Return the records below in full. Keep every word exact and skip the images.

### Data extract
####
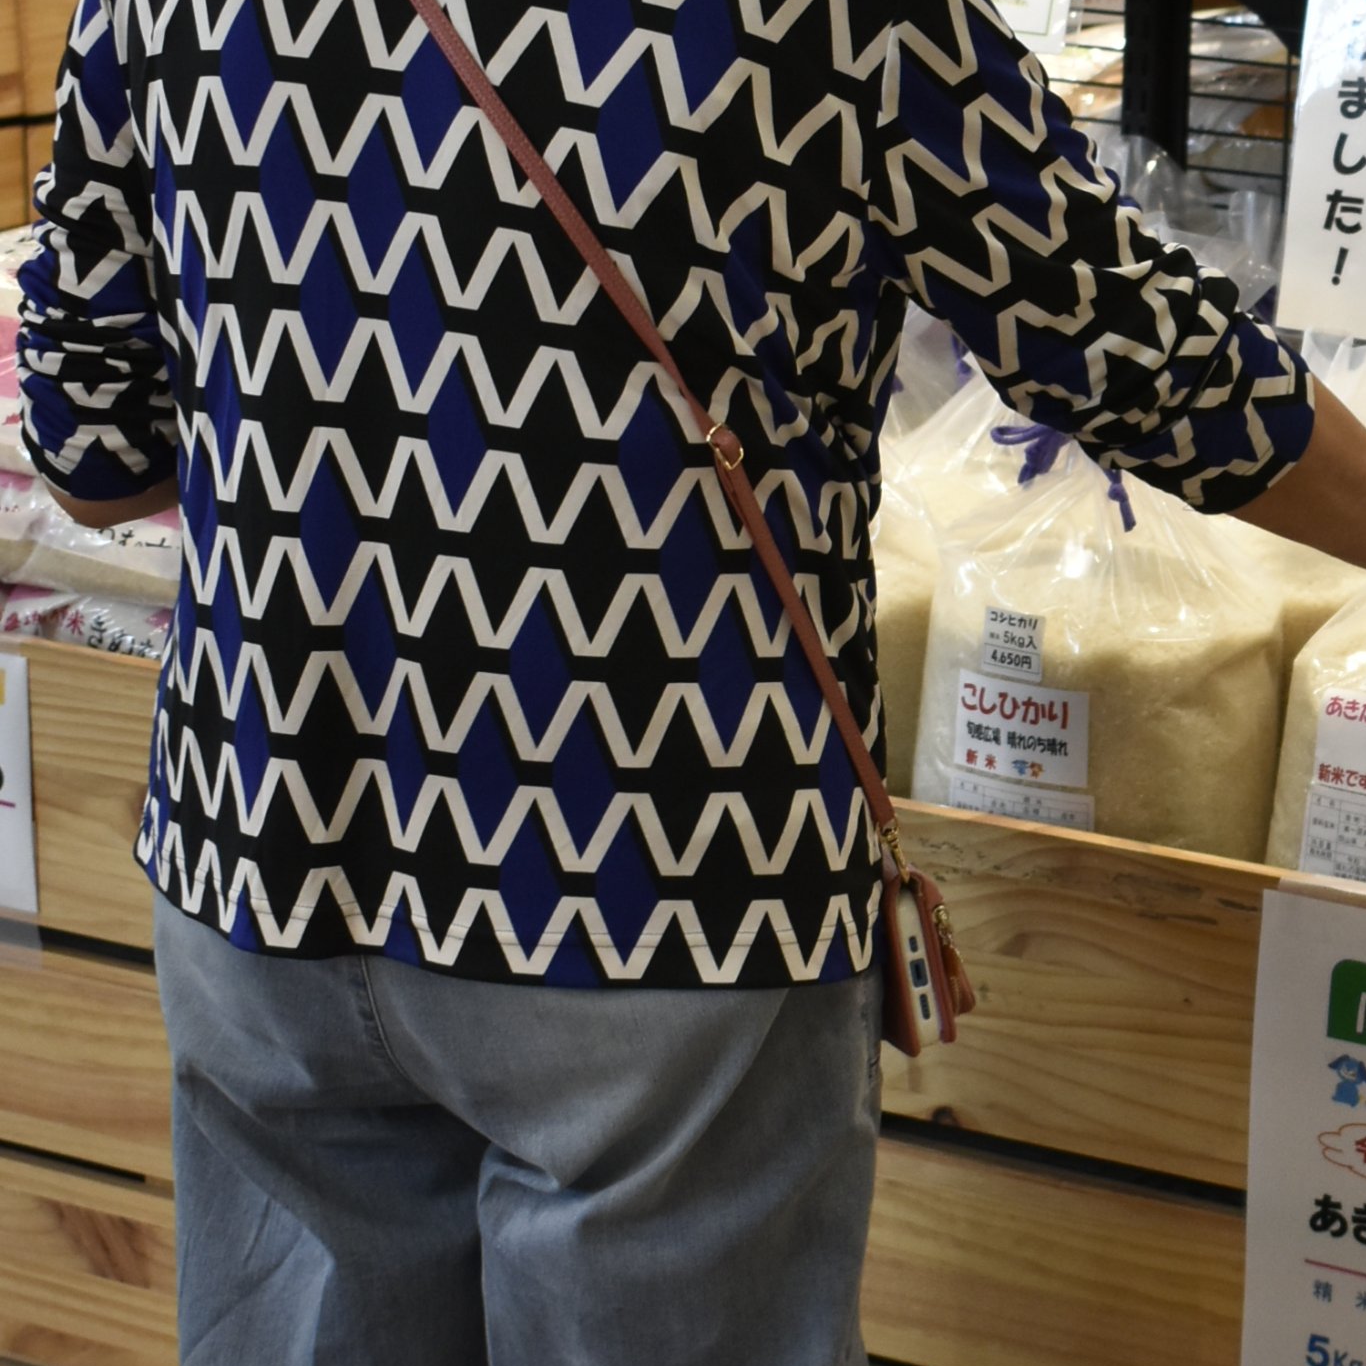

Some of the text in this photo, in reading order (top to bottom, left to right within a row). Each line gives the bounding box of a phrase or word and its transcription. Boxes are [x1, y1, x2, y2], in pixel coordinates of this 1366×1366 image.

[990, 610, 1039, 631] コシヒカリ
[1003, 630, 1038, 650] 5kg入
[960, 682, 1070, 730] こしひかり
[1006, 733, 1069, 757] 晴れのち晴れ
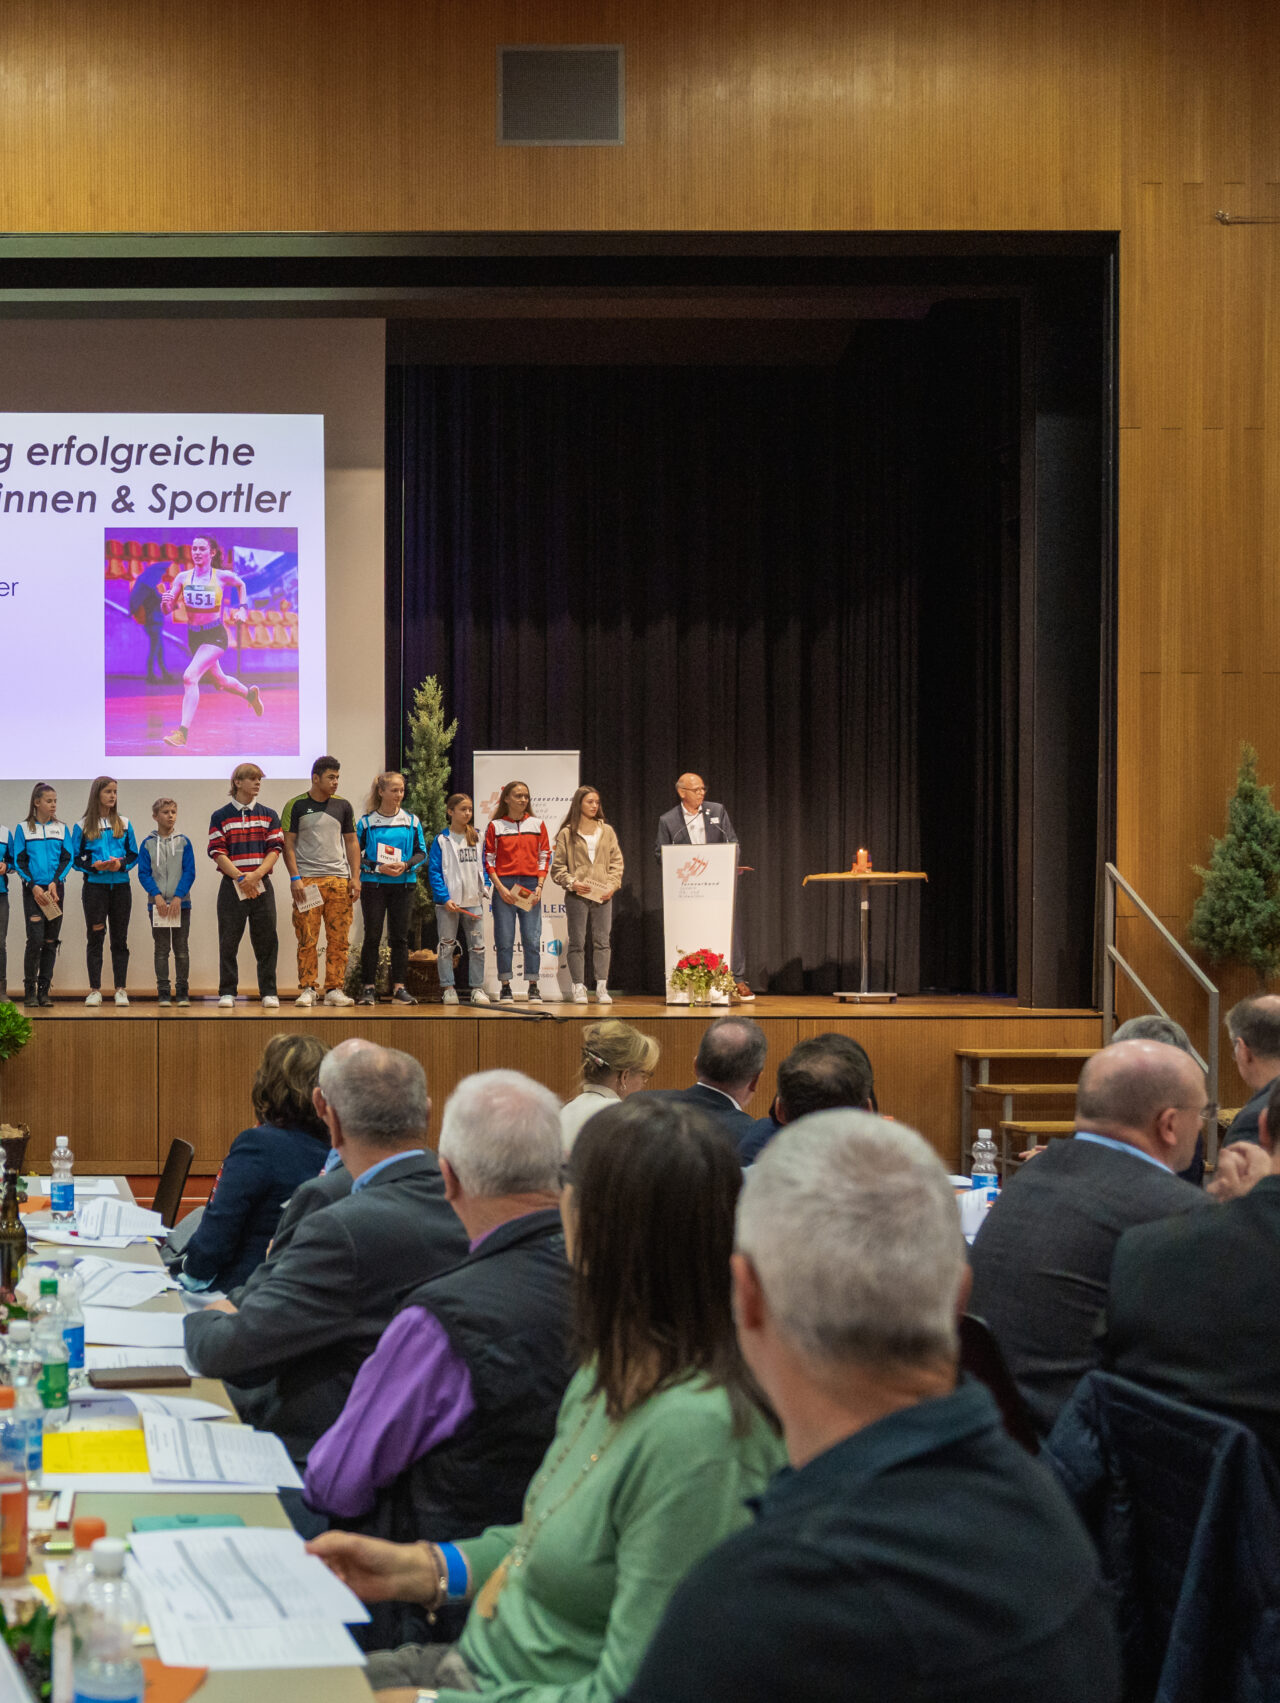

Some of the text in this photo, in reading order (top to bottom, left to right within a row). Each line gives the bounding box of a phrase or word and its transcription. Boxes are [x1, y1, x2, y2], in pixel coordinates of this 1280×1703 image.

[26, 434, 255, 474] erfolgreiche
[111, 484, 136, 514] &
[147, 482, 292, 520] Sportler
[186, 592, 213, 606] 151
####
### Answer to the exercise
Some of the text in this photo, in reading order (top to bottom, left to right within a row). Each line gives the bounding box of a phrase or word and its transcription. Boxes are [x1, y1, x2, y2], in pixel coordinates of this 1366×1366 image.

[990, 610, 1039, 631] コシヒカリ
[1003, 630, 1038, 650] 5kg入
[960, 682, 1070, 730] こしひかり
[1006, 733, 1069, 757] 晴れのち晴れ

Some of the text in this photo, in reading order (top to bottom, left to right within a row). Each line gives the bounding box of a phrase or word and its transcription. Boxes are [x1, y1, x2, y2], in pixel coordinates of this 1280×1703 image.

[26, 434, 255, 474] erfolgreiche
[111, 484, 136, 514] &
[147, 482, 292, 520] Sportler
[186, 592, 213, 606] 151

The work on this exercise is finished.